A VRF is an isolated routing table on a router, enabling multiple routing instances.

Components:

  • Routing table: Separate from global routing table
  • Forwarding table: Independent FIB per VRF
  • RD: Makes routes unique in BGP
  • RT: Controls route import/export
  • Interfaces: Assigned to VRF

ExaBGP's Role: ExaBGP does NOT create VRFs. It announces/receives VPN routes.

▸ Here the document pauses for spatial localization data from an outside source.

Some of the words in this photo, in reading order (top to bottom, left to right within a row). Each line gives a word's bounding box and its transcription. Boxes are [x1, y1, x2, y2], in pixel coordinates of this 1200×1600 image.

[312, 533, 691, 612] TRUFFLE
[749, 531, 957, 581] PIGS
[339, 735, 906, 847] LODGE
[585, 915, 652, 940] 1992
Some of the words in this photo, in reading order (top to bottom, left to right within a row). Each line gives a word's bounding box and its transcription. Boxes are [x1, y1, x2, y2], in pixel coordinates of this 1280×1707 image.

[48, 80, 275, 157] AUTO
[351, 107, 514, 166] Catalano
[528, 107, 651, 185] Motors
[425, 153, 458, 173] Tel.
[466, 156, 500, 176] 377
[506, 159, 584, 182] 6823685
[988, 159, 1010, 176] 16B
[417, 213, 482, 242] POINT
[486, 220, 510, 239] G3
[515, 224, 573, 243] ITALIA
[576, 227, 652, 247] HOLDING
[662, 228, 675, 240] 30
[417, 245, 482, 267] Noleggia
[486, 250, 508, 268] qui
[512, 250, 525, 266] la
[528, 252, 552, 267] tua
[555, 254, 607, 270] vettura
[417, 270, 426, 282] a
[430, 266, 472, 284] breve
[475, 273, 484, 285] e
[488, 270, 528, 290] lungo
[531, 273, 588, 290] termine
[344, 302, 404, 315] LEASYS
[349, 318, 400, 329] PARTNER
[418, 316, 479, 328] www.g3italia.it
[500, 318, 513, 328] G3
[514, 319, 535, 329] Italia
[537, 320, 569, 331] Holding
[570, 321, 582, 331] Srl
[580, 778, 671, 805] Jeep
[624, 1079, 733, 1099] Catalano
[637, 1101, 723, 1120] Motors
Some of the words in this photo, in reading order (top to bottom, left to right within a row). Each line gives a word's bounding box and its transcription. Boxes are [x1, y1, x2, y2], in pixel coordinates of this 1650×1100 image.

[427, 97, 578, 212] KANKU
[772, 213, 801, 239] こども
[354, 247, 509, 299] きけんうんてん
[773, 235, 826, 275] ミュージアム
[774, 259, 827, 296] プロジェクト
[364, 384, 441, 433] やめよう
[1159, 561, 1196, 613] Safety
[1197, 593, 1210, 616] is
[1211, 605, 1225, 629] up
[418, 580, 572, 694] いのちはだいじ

The PE router maintains VRFs and installs routes.

MPLS Labels

L3VPN uses MPLS labels to identify which VRF to use at the remote PE.

Label Stack:

[Outer Label: Transport LSP to remote PE]
[Inner Label: VPN label indicating VRF]
[IP Packet]

Process:

  1. Ingress PE pushes two labels: VPN label (inner) + transport label (outer)
  2. P routers swap transport label only
  3. Egress PE pops transport label, examines VPN label
  4. VPN label indicates which VRF to use for IP lookup
  5. PE forwards based on VRF routing table

ExaBGP's Role: ExaBGP includes the VPN label in BGP VPN route advertisements but does NOT push/pop labels (that's the router's job).

L3VPN vs EVPN

Feature L3VPN EVPN
Layer Layer 3 (IP routing) Layer 2 (MAC learning) + Layer 3
Primary Use IP VPN services Data center fabrics, L2VPN
Route Type IP prefixes MAC addresses, IP prefixes
Forwarding IP routing MAC forwarding + IP routing
Encapsulation MPLS MPLS or VXLAN
Multi-homing Active-standby (typically) Active-active
Address Family VPNv4/VPNv6 (SAFI 128/129) EVPN (AFI 25, SAFI 70)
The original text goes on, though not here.